Она вдруг побледнела, словно пронзенная этим пальцем насквозь, и топнула ногой.
— Не смей сравнивать, свинья! — Она не почувствовала, как стала оглядываться в поисках острого или увесистого предмета. — Если ты скажешь еще что-нибудь подобное, я убью тебя! Я сама пойду к военкому, если они все там в сопляков превратились…
И она сделала бы так, потому что душой почувствовала, что нет большего преступления, большей подлости, чем лишать женщину права родить ребенка, права, данного человеку природой, от которого он, Стасис, отказался, уничтожил его сам. А Стасис, одуревший от своей жертвы, оказавшейся ненужной, потерявший из-за этого бессмысленного поступка здоровье, считал, что нет большей жестокости, чем обращение Бируте с ним, человеком, преданным ей душой и телом, что в сердце Бируте, стоило ей забеременеть, уже не осталось места ни для доброты, ни для жалости. Иначе откуда эта беспричинная, беспредельная злость? И еще он думал, что, забеременев, она отомстила ему, что теперь его, Стасиса, долг — все простить и помочь ей стать нормальным человеком, женой… Поэтому, подождав, пока она успокоится, он сказал:
— Моцкус — птица не твоего полета. Ты быстро наскучишь ему.
— Замолчи, прошу тебя.
— Когда тебе будет тяжело, знай, что я всегда рядом.

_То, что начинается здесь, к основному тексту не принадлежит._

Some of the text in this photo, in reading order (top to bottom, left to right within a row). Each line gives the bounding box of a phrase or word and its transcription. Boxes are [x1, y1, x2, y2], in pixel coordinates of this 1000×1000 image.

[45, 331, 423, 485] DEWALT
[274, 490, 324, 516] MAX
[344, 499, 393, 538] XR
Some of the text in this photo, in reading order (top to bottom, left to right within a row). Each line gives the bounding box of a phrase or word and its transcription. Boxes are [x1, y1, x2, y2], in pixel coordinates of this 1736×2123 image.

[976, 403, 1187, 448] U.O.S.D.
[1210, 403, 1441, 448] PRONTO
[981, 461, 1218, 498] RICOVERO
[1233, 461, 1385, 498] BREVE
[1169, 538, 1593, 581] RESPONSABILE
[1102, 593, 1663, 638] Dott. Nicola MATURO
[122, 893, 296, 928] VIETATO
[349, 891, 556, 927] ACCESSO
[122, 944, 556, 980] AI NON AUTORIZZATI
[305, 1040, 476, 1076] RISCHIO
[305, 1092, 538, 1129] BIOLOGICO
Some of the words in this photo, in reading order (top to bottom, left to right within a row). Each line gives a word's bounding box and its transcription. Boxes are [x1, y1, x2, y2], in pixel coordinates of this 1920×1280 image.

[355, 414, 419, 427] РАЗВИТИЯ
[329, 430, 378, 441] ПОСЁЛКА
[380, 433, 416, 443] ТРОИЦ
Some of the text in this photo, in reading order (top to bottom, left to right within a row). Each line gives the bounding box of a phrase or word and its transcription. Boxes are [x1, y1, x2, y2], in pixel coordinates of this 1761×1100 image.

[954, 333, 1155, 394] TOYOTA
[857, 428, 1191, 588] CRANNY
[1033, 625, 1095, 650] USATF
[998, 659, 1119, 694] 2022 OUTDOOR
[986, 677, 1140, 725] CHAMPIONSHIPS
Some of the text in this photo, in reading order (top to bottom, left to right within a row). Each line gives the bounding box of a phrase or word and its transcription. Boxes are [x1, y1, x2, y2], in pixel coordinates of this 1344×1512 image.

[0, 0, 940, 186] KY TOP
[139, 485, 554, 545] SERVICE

— Если ты хочешь помочь мне, сначала начни уважать себя, — она едва не добавила: призрак! Но сдержалась, потому что снова ощутила сильный толчок. Ведь доктор говорил ей…
В первые дни Стасис старался не попадаться ей на глаза: когда она бывала дома, он уходил в лес или торчал у себя в комнате. Услышав шаги Бируте, он даже радио выключал. Так же он вел себя, когда приезжал Моцкус. Но потом к Стасису зачастила Марина. Она тихо выходила из машины, тихо стучалась в дверь Стасиса и, посидев час-другой, уезжала домой, так сказать, ни здравствуй, ни прощай.
Это было страшно. Бируте не знала, о чем они говорят, что делают, но чувствовала, что назревает беда. Бируте была бессильна перед заговором этих ничтожных, самолюбивых людишек. Она ждала, когда рядом с ней встанет Моцкус, прикроет ее собой и скажет им, жаждущим мщения: «Порадовались, полакомились, а теперь — ша! Чтоб мне ни звука!»
Но и он с каждым днем сникал, чернел, менялся. Его не отпустили за границу на какую-то важную стажировку, а как-то он не вытерпел и пожаловался:
— Знаешь, меня временно снимают с должности директора.
— За что? — не поверила она.
— Ни за что. Наверно, чтобы я не мешал работе комиссии.
— Какой комиссии?
— Марина написала столько всяких жалоб, натравила на меня стольких своих друзей и сочувствующих, нашла столько союзников и любящих сенсации дармоедов, что теперь этой комиссии работы на десять лет хватит.
— Но ведь ты не виноват!
— Конечно.
— Тогда чего боишься, почему расстраиваешься? Неужели там нет умных людей?
— Есть, но…
— Что — но? — Бируте не понравилось настроение Виктораса. Она все еще хотела видеть его улыбчивым, не умеющим кланяться каждой пуле, она думала, что его не сломить, поэтому сдержалась и подбодрила: — Ну, снимут с директоров, уволят с должности… Разве ты не ученый? Ведь они не могут отнять у тебя твой ум, твой талант.
— Не могут, но…
— Что еще за «но»?
— Видишь ли, давай будем реалистами. Теперь не те времена, когда ученый мог делать науку, отгородившись от всего света. Теперь для исследования разных идей, для их подтверждения или опровержения необходимы лаборатории, вычислительные центры, опытные сотрудники. Одно дело, когда ты сам работаешь с карандашом в руках, и совсем иное, когда несколько десятков опытных специалистов действуют согласно твоим идеям и твоим указаниям. А с другой стороны, разве тебе неизвестны наши порядки? Кто первый написал жалобу, тот и прав.